Linda Nordling 

Hospital awards

Linda Nordling: The NHS is changing the way it treats scientific ideas.
  
  


It's all about clinical research this autumn, as medical research funders turn their attention to translating benchside research into bedside treatments. Even the Department of Health has a brave new plan for funding research and development in the NHS.

Clinical research has been fraught with difficulties in the past, not least because trusts have been more concerned with meeting government targets and cutting waiting lists than organising clinical trials. Also, research in the NHS used to be something of a mystery. Hundreds of millions of pounds went in every year, and knowledge came out the other side. But what happened in between was anybody's guess. So it's not surprising that transparency is top of the list in the new strategy, Best Research for Best Health. It proposes organising NHS research facilities, staff and funding under a National Institute for Health Research. The virtual institute would provide a much-needed central structure. It would also gather research-active staff in a faculty to promote research careers in the NHS and foster an esprit de corps.

Of course, hospitals also play host to a variety of research that is funded from external sources, such as charities or research councils. With this in mind, the reorganisation will also aim to make funding research in the NHS less painful to external organisations. For example, there will be "technology platforms" to support clinical research in hospitals.
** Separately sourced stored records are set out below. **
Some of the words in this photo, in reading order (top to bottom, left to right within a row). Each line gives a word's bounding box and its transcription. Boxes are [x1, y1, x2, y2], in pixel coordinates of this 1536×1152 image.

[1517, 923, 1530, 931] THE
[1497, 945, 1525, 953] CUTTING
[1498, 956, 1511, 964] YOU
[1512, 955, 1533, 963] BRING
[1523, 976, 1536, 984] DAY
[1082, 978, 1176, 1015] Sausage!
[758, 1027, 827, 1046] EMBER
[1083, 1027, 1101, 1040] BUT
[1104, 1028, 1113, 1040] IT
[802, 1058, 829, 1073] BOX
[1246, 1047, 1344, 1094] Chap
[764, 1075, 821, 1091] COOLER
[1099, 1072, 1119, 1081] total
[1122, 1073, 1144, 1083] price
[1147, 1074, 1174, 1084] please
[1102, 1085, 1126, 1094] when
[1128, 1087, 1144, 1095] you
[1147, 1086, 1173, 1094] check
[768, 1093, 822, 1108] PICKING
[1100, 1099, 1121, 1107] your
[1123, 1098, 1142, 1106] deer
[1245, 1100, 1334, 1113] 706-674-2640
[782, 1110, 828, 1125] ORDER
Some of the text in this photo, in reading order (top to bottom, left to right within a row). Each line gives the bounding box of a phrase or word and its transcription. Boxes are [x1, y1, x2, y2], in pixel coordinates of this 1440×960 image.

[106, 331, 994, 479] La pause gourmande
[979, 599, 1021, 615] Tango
Transparency, focus and virtual centres are all well and good, but what about the money? Here, the strategy does not disappoint. In-house funding will cease to be allocated based on how much research a university has done in the past, and will instead follow patient involvement in health studies. Existing funding schemes will also be expanded and made more streamlined.
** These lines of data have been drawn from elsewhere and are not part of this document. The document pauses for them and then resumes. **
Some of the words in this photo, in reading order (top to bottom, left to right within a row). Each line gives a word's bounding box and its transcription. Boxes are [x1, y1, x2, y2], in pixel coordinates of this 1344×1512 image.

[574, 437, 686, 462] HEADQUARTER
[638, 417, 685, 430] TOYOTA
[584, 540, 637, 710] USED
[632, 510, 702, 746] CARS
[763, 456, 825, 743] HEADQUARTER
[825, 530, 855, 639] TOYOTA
There will also be new funding schemes, the most popular of which is likely to be the responsive-mode fund for blue-skies research to support researchers' own ideas. Not that the other three schemes will disappoint: a programme for applied research, a challenge fund for innovation and an award for "risky" research.

So, after a busy summer, the DH has finally got a plan. But did it get it right? It wants to hear from the medical research community. Taking part could not be easier, just email RDconsultation@dh.gsi.gov.uk by October 21.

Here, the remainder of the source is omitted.